>>>>>

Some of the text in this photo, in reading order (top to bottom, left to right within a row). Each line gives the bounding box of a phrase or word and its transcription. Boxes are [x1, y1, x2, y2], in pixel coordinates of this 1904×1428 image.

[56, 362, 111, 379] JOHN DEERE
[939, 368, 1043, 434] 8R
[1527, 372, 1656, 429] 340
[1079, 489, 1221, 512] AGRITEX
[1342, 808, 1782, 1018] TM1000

<<<<<

▸ Your goal
The entries shown above must be reproduced in full, exactly as written.

▸ Task output
Some of the text in this photo, in reading order (top to bottom, left to right within a row). Each line gives the bounding box of a phrase or word and its transcription. Boxes are [x1, y1, x2, y2], in pixel coordinates of this 1904×1428 image.

[56, 362, 111, 379] JOHN DEERE
[939, 368, 1043, 434] 8R
[1527, 372, 1656, 429] 340
[1079, 489, 1221, 512] AGRITEX
[1342, 808, 1782, 1018] TM1000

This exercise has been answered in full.